India’s institutional real estate investments climbed 23% year-on-year to USD 4.3 billion during H1 2026. Office assets captured over half of total investments, supported by GCC expansion, REIT activity, and strong leasing demand, signalling growing confidence in the country’s commercial real estate and flexible workspace ecosystem.
India’s institutional real estate market maintained strong momentum during the first half of 2026, recording USD 4.3 billion in investments across 54 transactions, according to JLL. Investment volumes increased 23% year-on-year, while deal activity reached its highest-ever level for a six-month period. The figures highlight growing confidence in India’s commercial property market despite ongoing global economic uncertainty.
The biggest shift came from domestic institutional investors, who accounted for a record 64% of total investment volumes, totalling USD 2.8 billion. The sharp rise in domestic capital helped offset a 37% decline in foreign investments, which were affected by inflation, currency volatility, and geopolitical challenges. Rather than relying on overseas capital, India’s office market is increasingly being supported by homegrown investors with long-term confidence in commercial real estate.
Office Assets Reclaim the Spotlight
Commercial office properties once again emerged as the preferred investment destination, attracting USD 2.3 billion across 17 transactions, representing 54% of total institutional investments during H1 2026. Investment in office assets grew 34% year-on-year, driven by sustained leasing demand, expanding Global Capability Centres (GCCs), and improving occupancy across Grade A office buildings.
Domestic investors accounted for 89% of all office investments, reflecting strong confidence in income-generating commercial assets. The continued expansion of REITs and domestic private equity funds has also strengthened investment activity, particularly in premium office developments that offer stable rental yields and long-term value creation.
Commenting on the market, Lata Pillai, Senior Managing Director and Head of Capital Markets, India, JLL, said, “India’s institutional real estate market has demonstrated exceptional resilience in H1 2026. The most significant development is the unprecedented rise in domestic institutional participation, which now accounts for 64% of total capital flows. This reflects the growing maturity of India’s investment ecosystem and reduces vulnerability to external shocks.”
Strong Office Demand Supports the Flex Workspace Ecosystem
The continued flow of institutional capital into office assets is positive news for India’s coworking and flexible workspace industry.
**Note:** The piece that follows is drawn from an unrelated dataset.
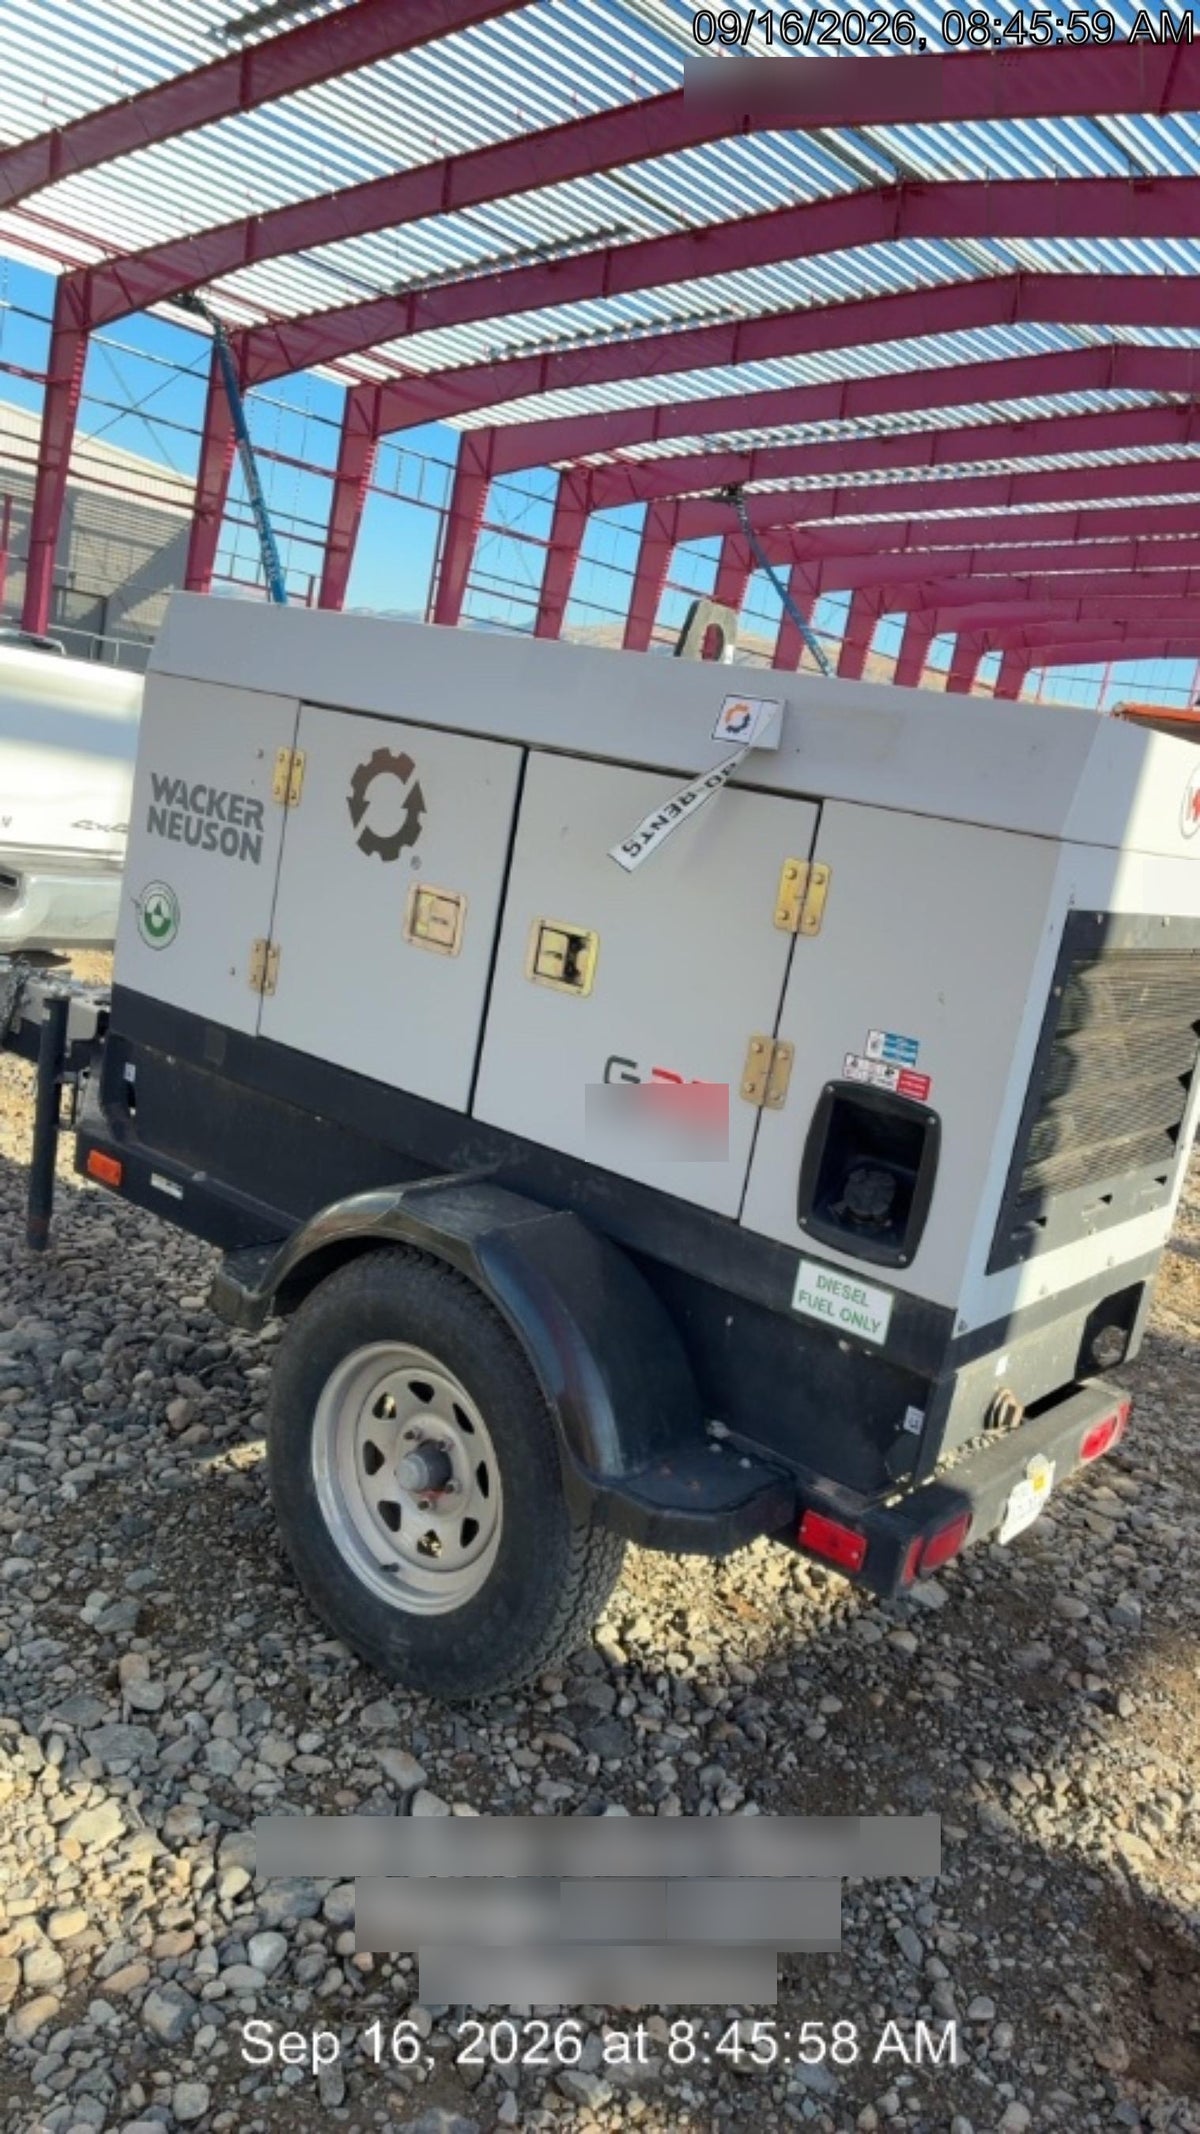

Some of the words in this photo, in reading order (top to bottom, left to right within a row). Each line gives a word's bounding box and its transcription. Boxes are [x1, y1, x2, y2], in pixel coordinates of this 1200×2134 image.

As developers secure funding for new commercial projects, managed workspace operators gain access to a larger pipeline of modern, Grade A office inventory capable of supporting enterprise occupiers and expanding GCC requirements.
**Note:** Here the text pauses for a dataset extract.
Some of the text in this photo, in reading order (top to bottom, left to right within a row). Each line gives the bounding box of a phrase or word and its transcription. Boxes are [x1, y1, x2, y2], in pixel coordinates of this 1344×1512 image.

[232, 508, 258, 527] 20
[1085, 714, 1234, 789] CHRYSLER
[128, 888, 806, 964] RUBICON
Bengaluru, Chennai, and Delhi-NCR remained the leading investment destinations, together accounting for 46% of total institutional investment volumes. These markets continue to benefit from strong corporate leasing activity, technology-driven demand, and a growing concentration of multinational companies establishing or expanding their GCC operations.
Market Outlook Remains Positive
Another notable trend during H1 2026 was the increase in transaction volume rather than deal size. Average investment values declined as investors diversified their portfolios across more assets, signalling a disciplined approach to risk management while maintaining exposure to India’s commercial property market.
JLL expects foreign institutional investors to gradually return during the second half of 2026 as macroeconomic conditions stabilise. However, the biggest takeaway from the first half is the growing strength of domestic capital. For developers, landlords, REITs, and flexible workspace operators, this shift creates a more resilient investment environment, ensuring continued funding for office development and reinforcing India’s position as one of the world’s fastest-growing commercial real estate markets.